Wheel’s vision for a small company attitude with big company resources will really resonate with this group of workers.
Also, by developing generation after generation f strong leaders, they ensure that no personnel change will leave a vacuum of leadership. This program also allows the potential leaders to feel more valued by their employer because their employer is actively developing their skills. Globalization and diversification give GE a strategic advantage for the future as well. GE has shown its ability to consistently take advantage of opportunities globally and seeing the advantage in potentially negative situations (ex.
Investing in Europe during the economic downturn between 1989 and 1995).
4. What is your evaluation AT wellness approach to leaning change? How Important Is nee to success? Want are he implications for his replacement? I think Welch had the vision to see the potential for growth within GE and the strength to see it implemented. Many would have been daunted by the idea of the plant and business closing that Welch implemented in the early sass’s. Some may have lost confidence in their vision as they received criticism and comparisons to the previous leadership.
But Welch believed in his ideas and saw them through, pushing GE to new heights and fantastic growth.
I think Welch is very important to Gee’s successful now and into the future because of his belief in the importance of developing people.
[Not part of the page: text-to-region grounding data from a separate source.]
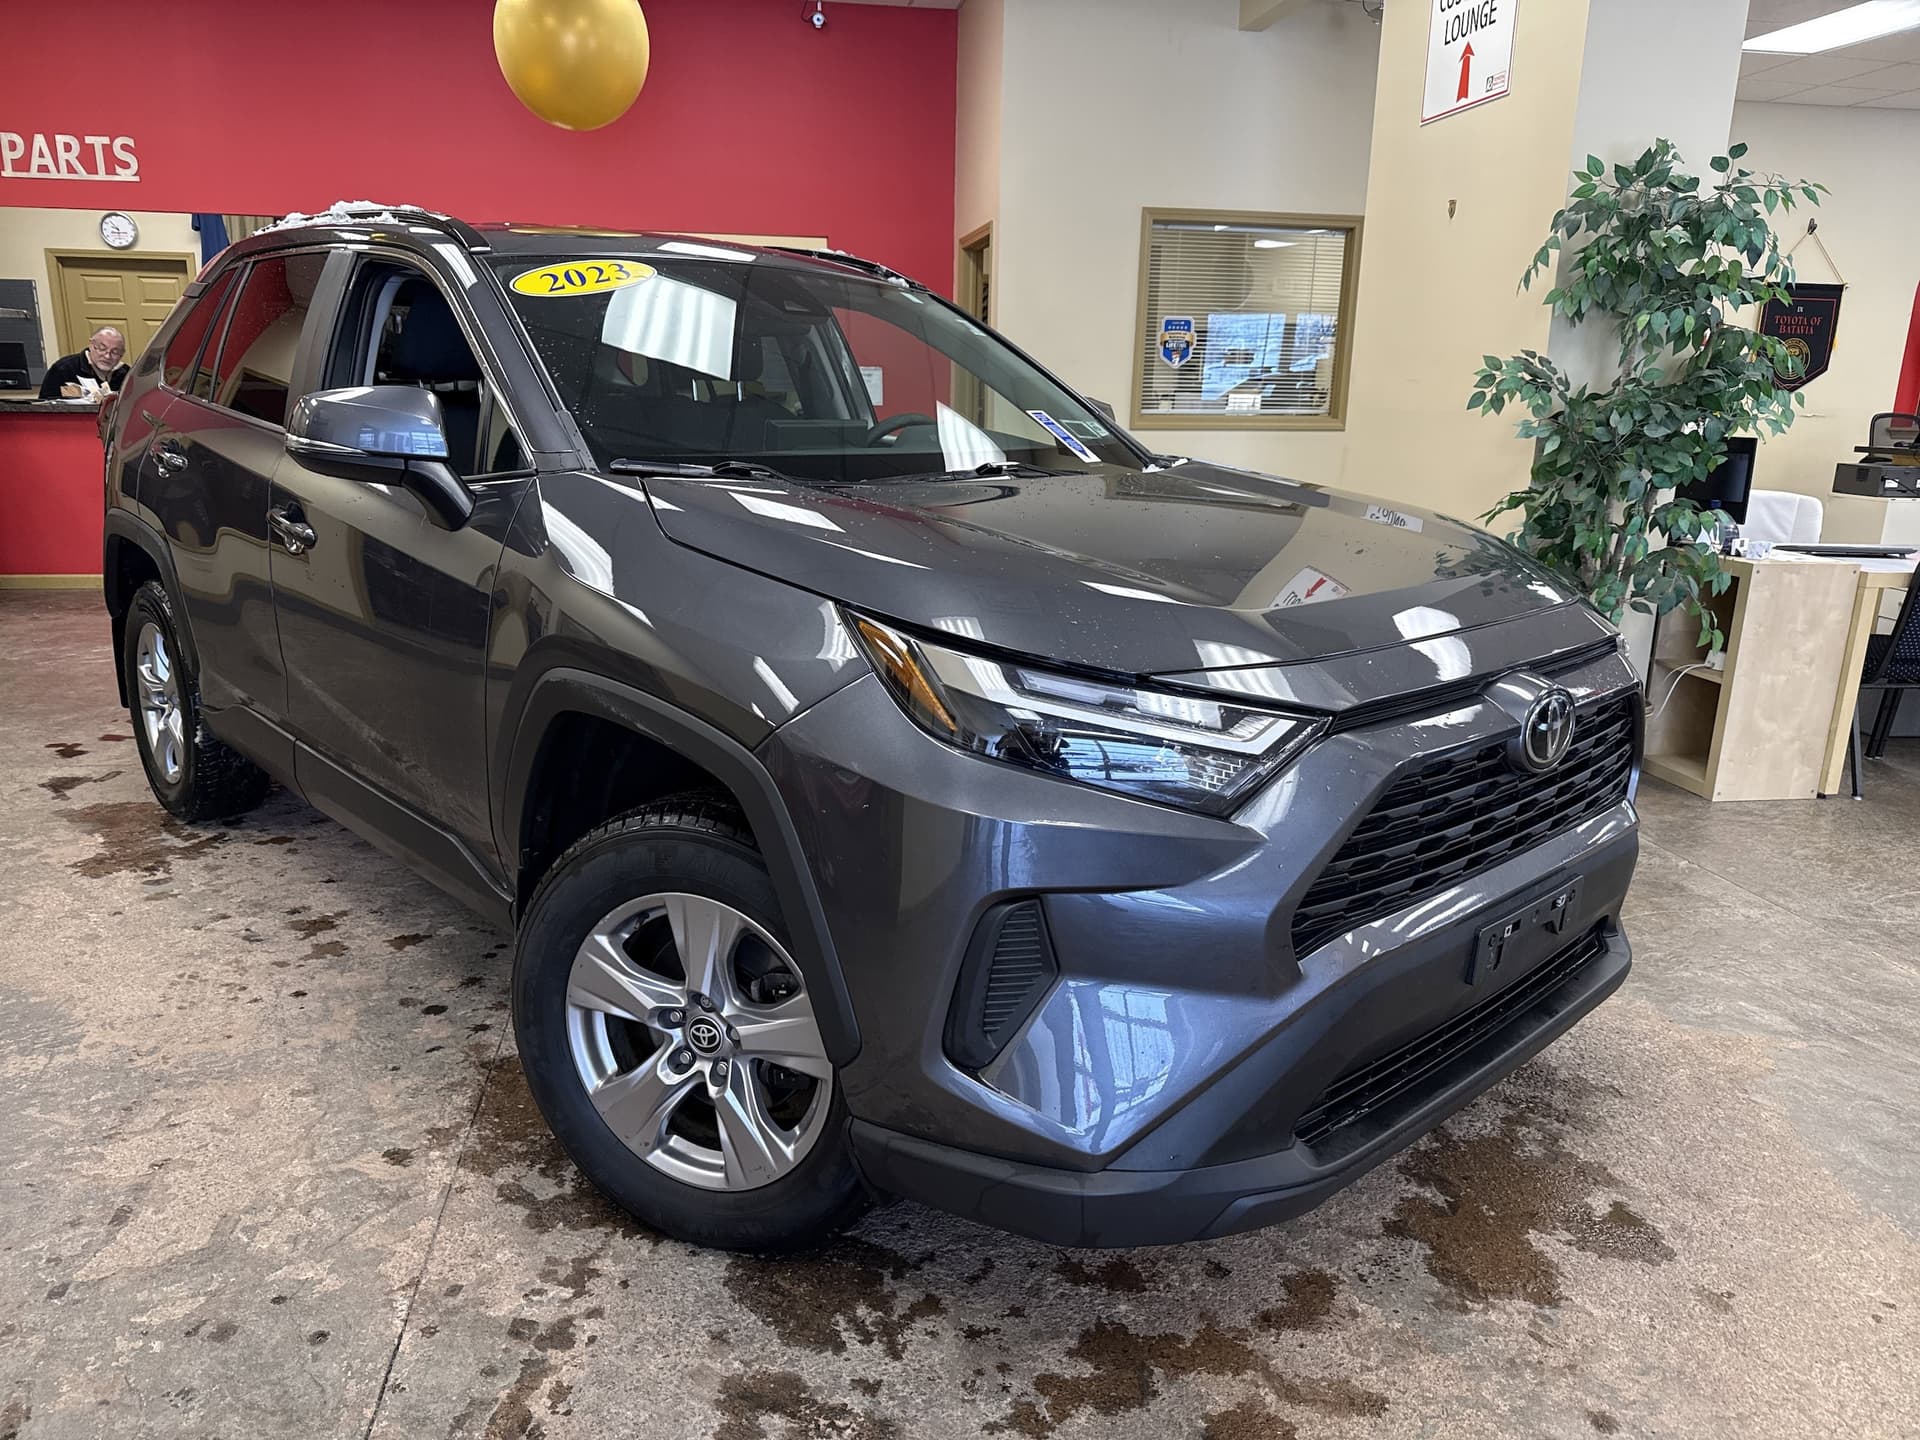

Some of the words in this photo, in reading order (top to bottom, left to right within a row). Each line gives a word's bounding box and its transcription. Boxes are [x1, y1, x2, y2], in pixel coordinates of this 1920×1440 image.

[1444, 0, 1498, 46] LOUNGE
[0, 131, 140, 180] PARTS
[539, 263, 632, 293] 2023
[1774, 315, 1808, 326] TOYOTA
[1810, 316, 1823, 326] OF
[1779, 325, 1814, 335] BATAVIA
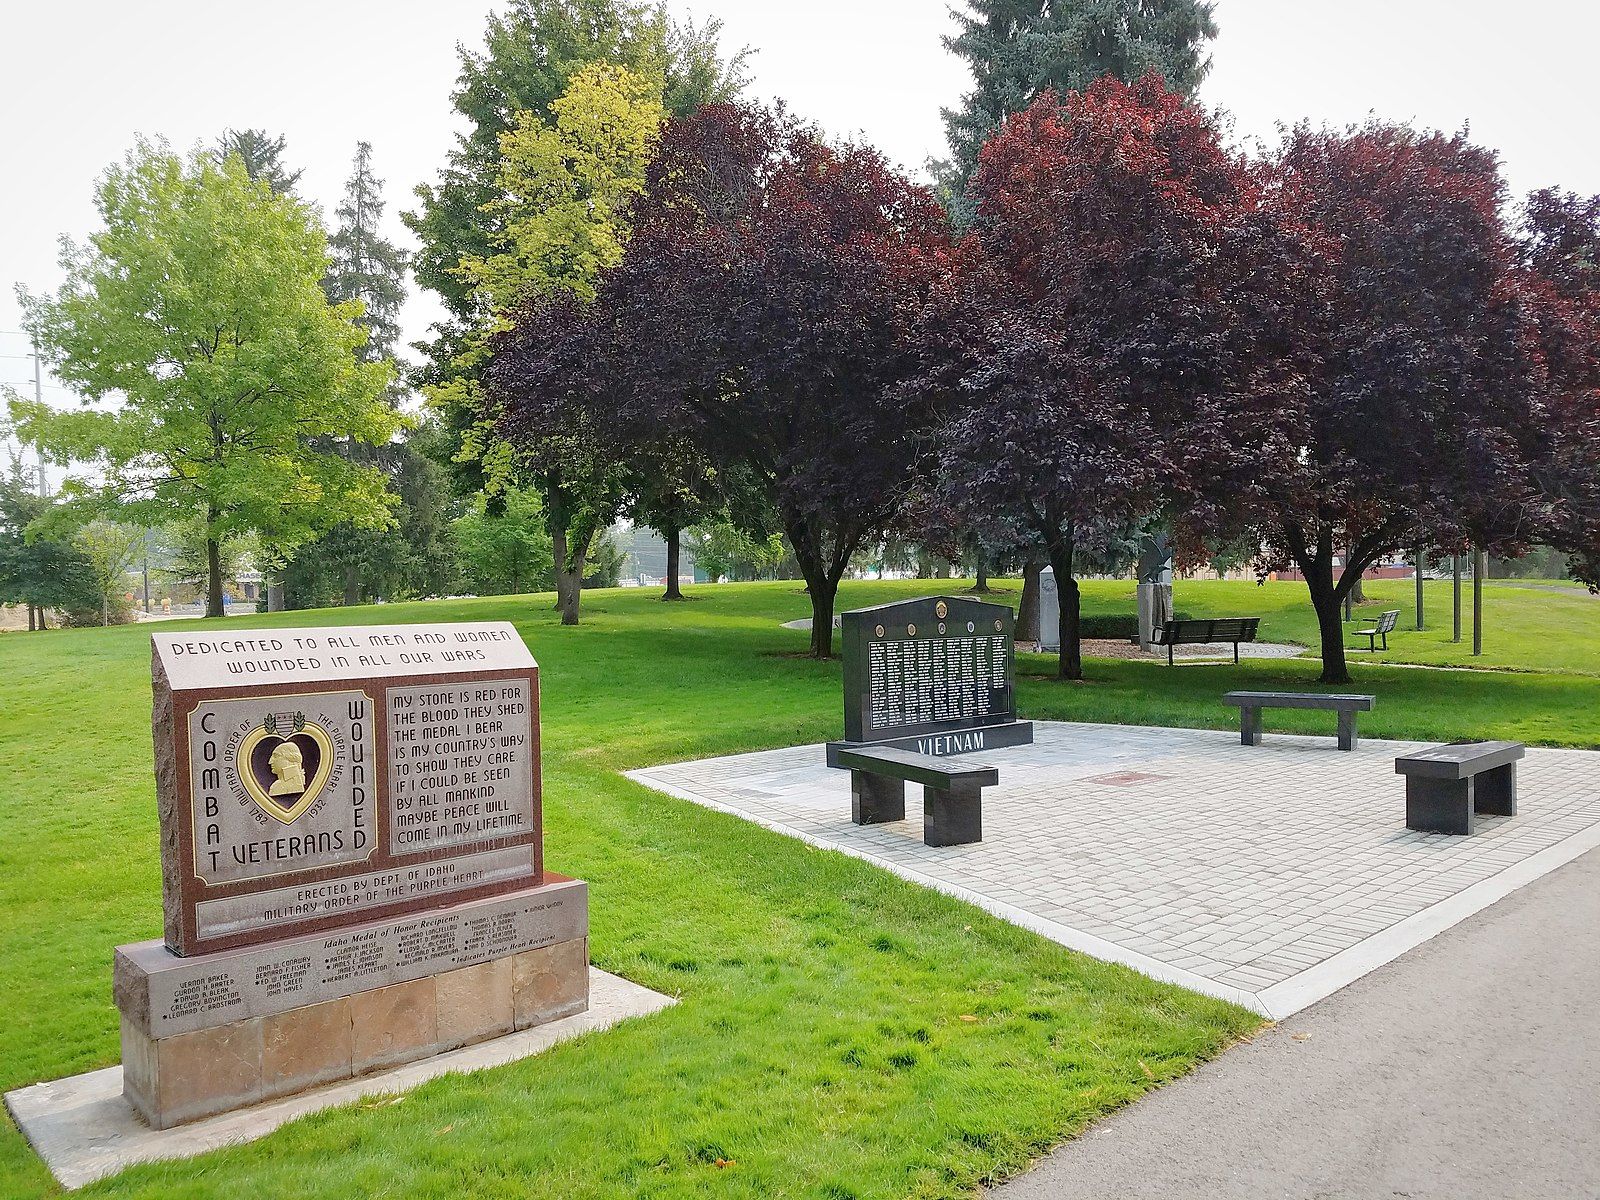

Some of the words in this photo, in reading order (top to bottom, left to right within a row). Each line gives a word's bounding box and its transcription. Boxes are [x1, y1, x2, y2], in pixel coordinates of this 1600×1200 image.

[171, 639, 283, 655] DEDICATED
[293, 638, 317, 649] TO
[327, 636, 360, 648] ALL
[369, 634, 406, 646] MEN
[413, 633, 446, 645] AND
[453, 630, 512, 643] WOMEN
[226, 657, 321, 674] WOUNDED
[330, 656, 350, 668] IN
[358, 654, 391, 667] ALL
[400, 652, 434, 664] OUR
[440, 649, 486, 662] WARS
[394, 695, 412, 709] MY
[419, 692, 454, 707] STONE
[460, 691, 470, 703] IS
[475, 689, 496, 701] RED
[501, 688, 521, 699] FOR
[240, 719, 252, 732] OF
[317, 713, 334, 729] THE
[394, 712, 416, 725] THE
[421, 708, 458, 722] BLOOD
[464, 706, 492, 719] THEY
[394, 729, 416, 742] THE
[422, 725, 461, 739] MEDAL
[466, 724, 470, 735] I
[475, 721, 503, 734] BEAR
[917, 731, 985, 756] VIETNAM
[224, 731, 242, 761] ORDER
[331, 728, 346, 761] PURPLE
[395, 747, 406, 759] IS
[411, 745, 430, 758] MY
[434, 737, 496, 755] COUNTRY'S
[501, 734, 524, 747] WAY
[349, 700, 366, 849] WOUNDED
[396, 764, 409, 776] TO
[416, 759, 448, 774] SHOW
[454, 755, 482, 768] THEY
[487, 751, 518, 764] CARE.
[224, 766, 250, 807] MILITARY
[326, 764, 344, 793] HEART
[396, 781, 406, 793] IF
[411, 780, 415, 791] I
[420, 774, 458, 789] COULD
[464, 772, 477, 784] BE
[484, 767, 510, 781] SEEN
[201, 712, 220, 872] COMBAT
[396, 797, 412, 810] BY
[420, 794, 439, 806] ALL
[445, 786, 495, 802] MANKIND
[249, 807, 268, 826] 1782
[308, 799, 327, 819] 1932
[397, 810, 438, 827] MAYBE
[444, 804, 480, 819] PEACE
[486, 800, 509, 813] WILL
[397, 828, 431, 844] COME
[437, 825, 447, 837] IN
[453, 821, 470, 834] MY
[476, 813, 526, 831] LIFETIME.
[233, 830, 343, 864] VETERANS
[297, 884, 347, 901] ERECTED
[354, 880, 368, 891] BY
[408, 870, 420, 880] OF
[425, 863, 455, 877] IDAHO
[264, 902, 317, 920] MILITARY
[324, 894, 359, 909] ORDER
[366, 889, 378, 901] OF
[385, 885, 404, 897] THE
[410, 877, 448, 893] PURPLE
[453, 870, 483, 884] HEART
[324, 938, 348, 949] Idaho
[351, 931, 377, 943] Medal
[380, 929, 389, 938] of
[393, 924, 418, 934] Honor
[420, 915, 460, 929] Recipients
[256, 964, 271, 973] JOHN
[280, 970, 307, 980] FREEMAN
[292, 963, 311, 971] FISHER
[180, 978, 205, 989] VERNON
[208, 973, 229, 983] BAKER
[210, 979, 235, 989] BARTER
[284, 978, 302, 987] GREEN
[284, 984, 303, 993] HAYES
[168, 1008, 198, 1019] LEONARD
[208, 997, 242, 1010] BROSTROM
[170, 1001, 201, 1012] GREGORY
[180, 993, 199, 1003] DAVID
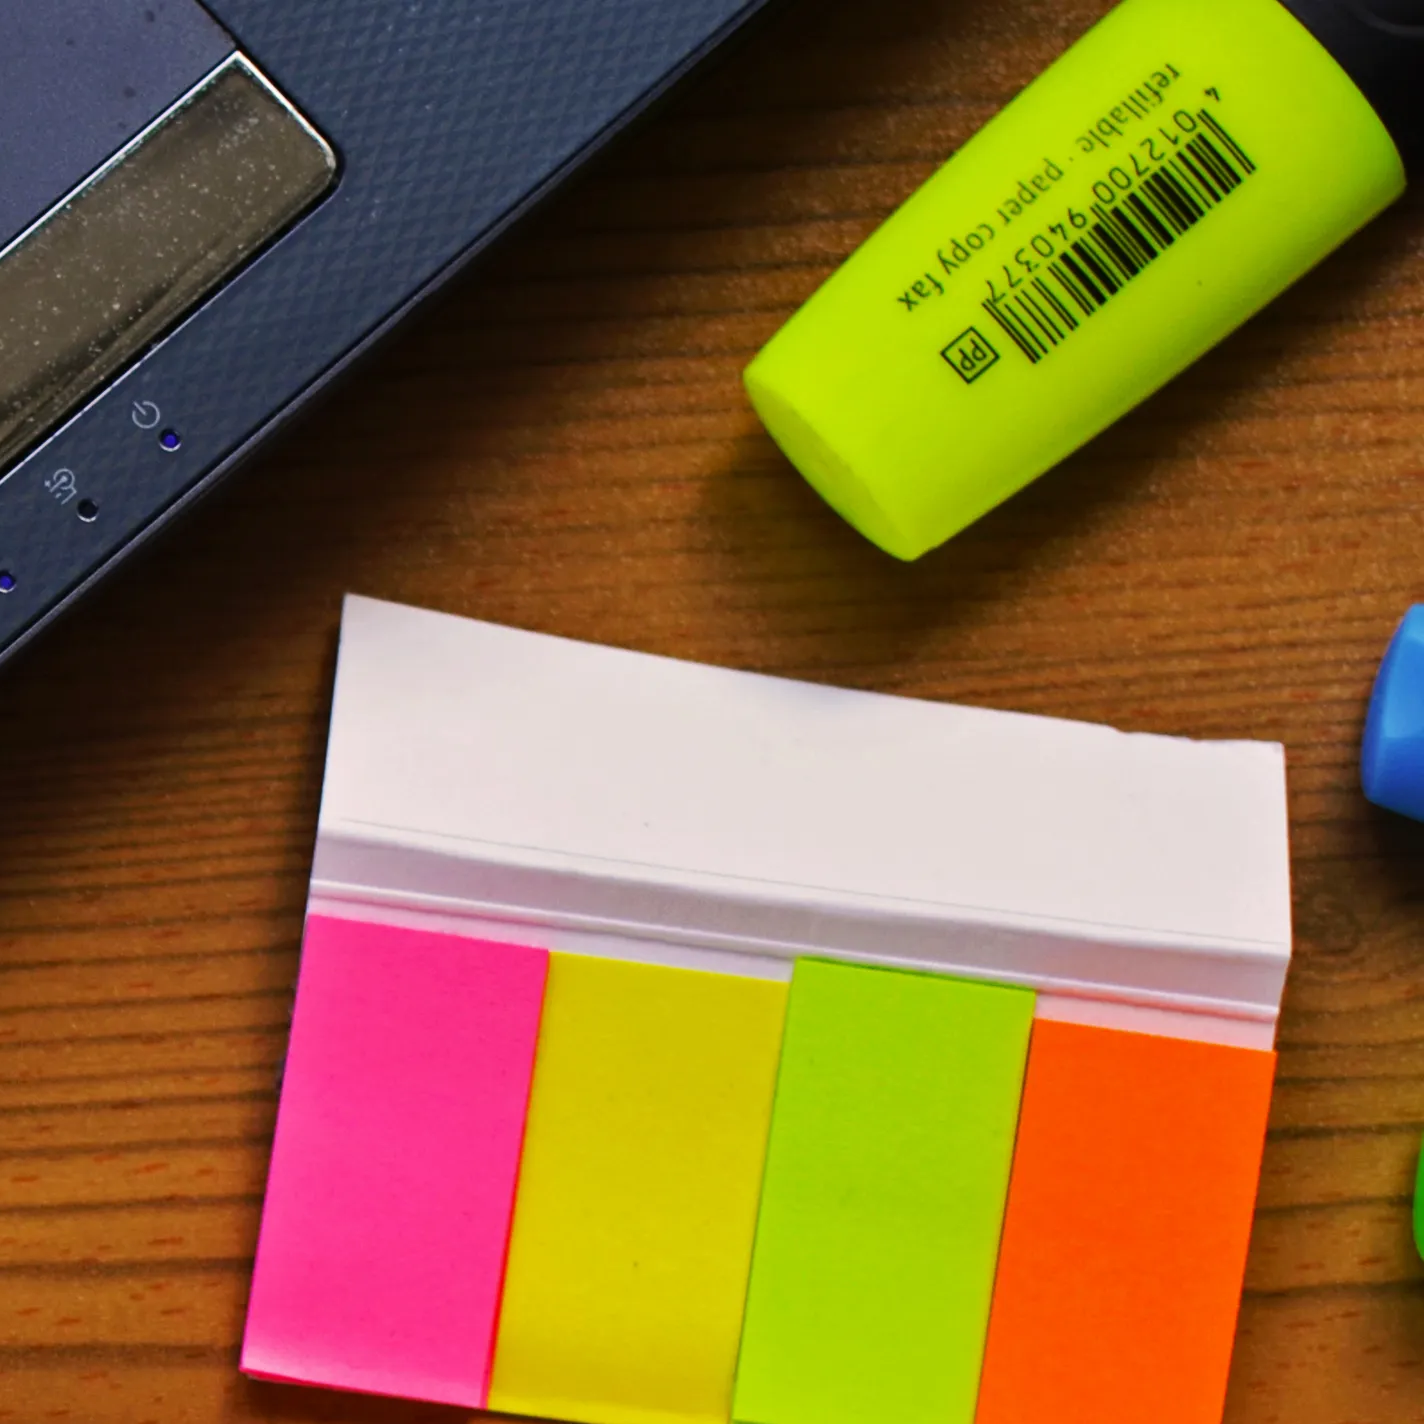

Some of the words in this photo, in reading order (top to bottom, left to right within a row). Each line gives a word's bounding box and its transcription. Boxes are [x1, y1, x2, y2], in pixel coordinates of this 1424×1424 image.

The work he has done o develop leaders within the company will continue to provide a good example to the company and ensure that the leaders of the company continue to believe in the values that Welch defined for Gee’s future. I think that Wheel’s replacement is put in a similar situation that Welch himself felt back in 1981.
Jeff Melt was Wheel’s handpicked successor and Welch left a lot of expectations on Millet’s shoulders. Melt was expected to build upon the work Welch did during his reign, but he also has to be able to evolve with the changing market and changing expectations of employees entering the workforce. CEO of GE Capital South East Asia, De Eng, nominated in an interview at Singapore Management University, sure many of you now would pause before you consider working for a leader like Jack (Welch) because he has such a tough reputation.